RECORDS FOR PROCESSING:
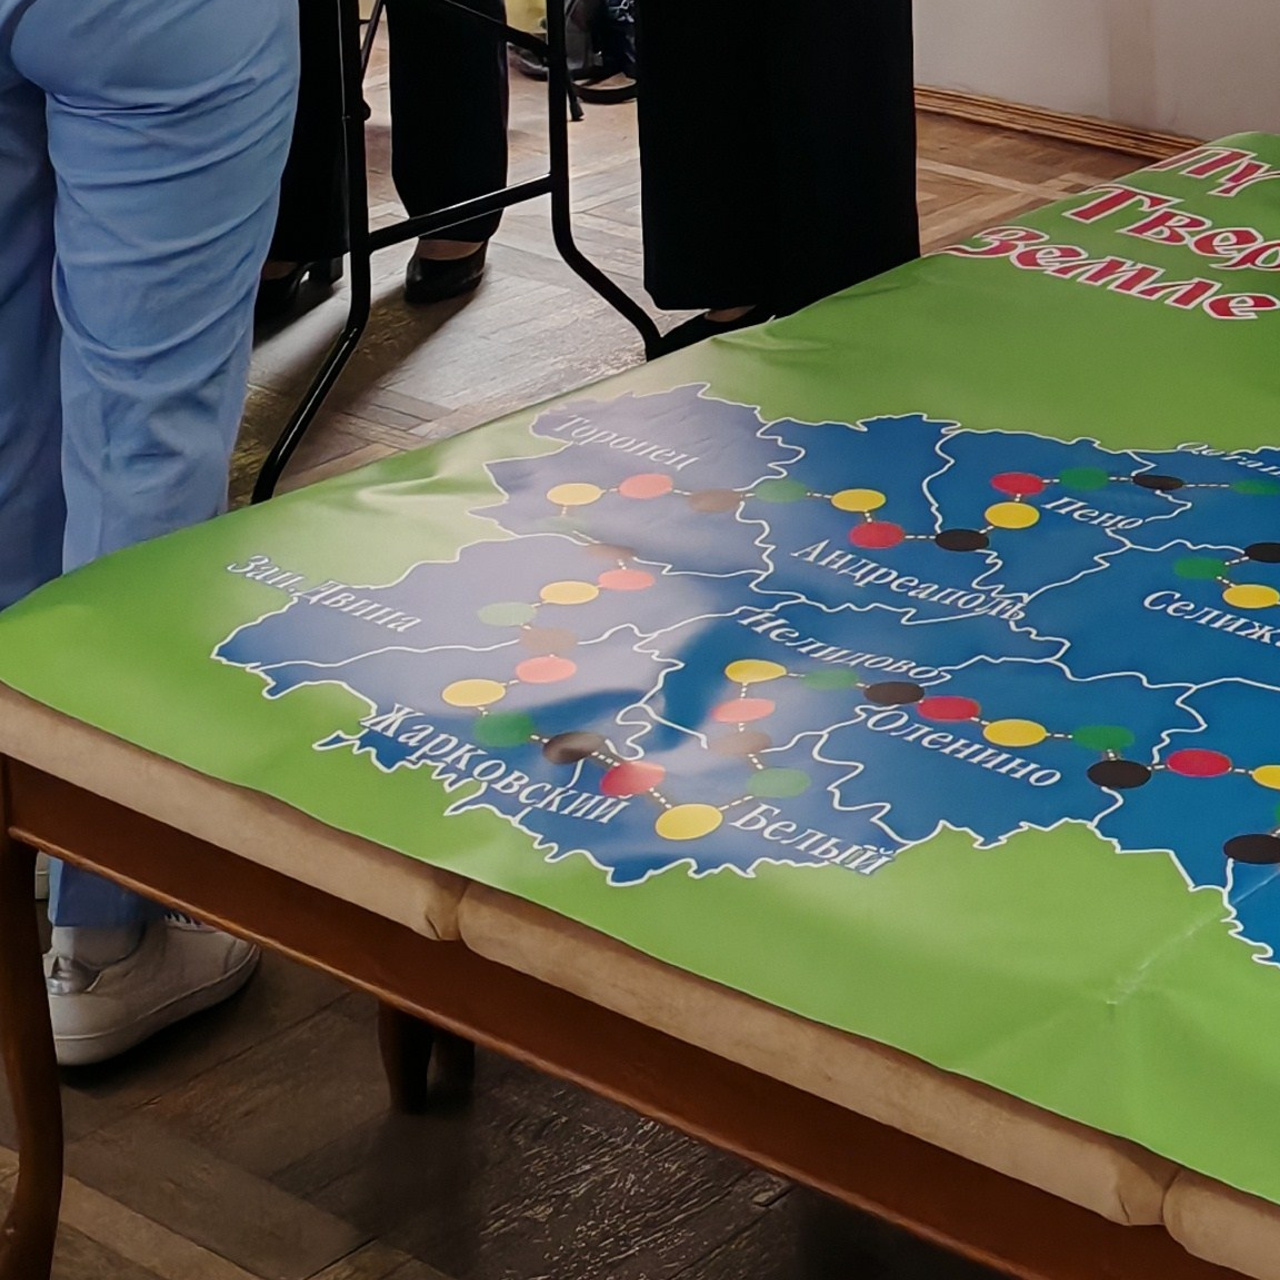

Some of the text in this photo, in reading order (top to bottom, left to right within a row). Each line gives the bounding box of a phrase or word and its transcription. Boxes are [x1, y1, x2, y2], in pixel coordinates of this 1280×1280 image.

[553, 414, 700, 471] Торопец
[1040, 496, 1147, 530] Пено
[790, 539, 1028, 621] Андреаполь
[738, 610, 942, 681] Нелидово
[362, 703, 632, 824] Жарковский
[866, 710, 1062, 788] Оленино
[730, 803, 896, 875] Белый

GOAL OF THE EXERCISE: Since the copy must hold no pictures, repeat everything else in the records exactly as written.

ANSWER BELOW:
Some of the text in this photo, in reading order (top to bottom, left to right within a row). Each line gives the bounding box of a phrase or word and its transcription. Boxes are [x1, y1, x2, y2], in pixel coordinates of this 1280×1280 image.

[553, 414, 700, 471] Торопец
[1040, 496, 1147, 530] Пено
[790, 539, 1028, 621] Андреаполь
[738, 610, 942, 681] Нелидово
[362, 703, 632, 824] Жарковский
[866, 710, 1062, 788] Оленино
[730, 803, 896, 875] Белый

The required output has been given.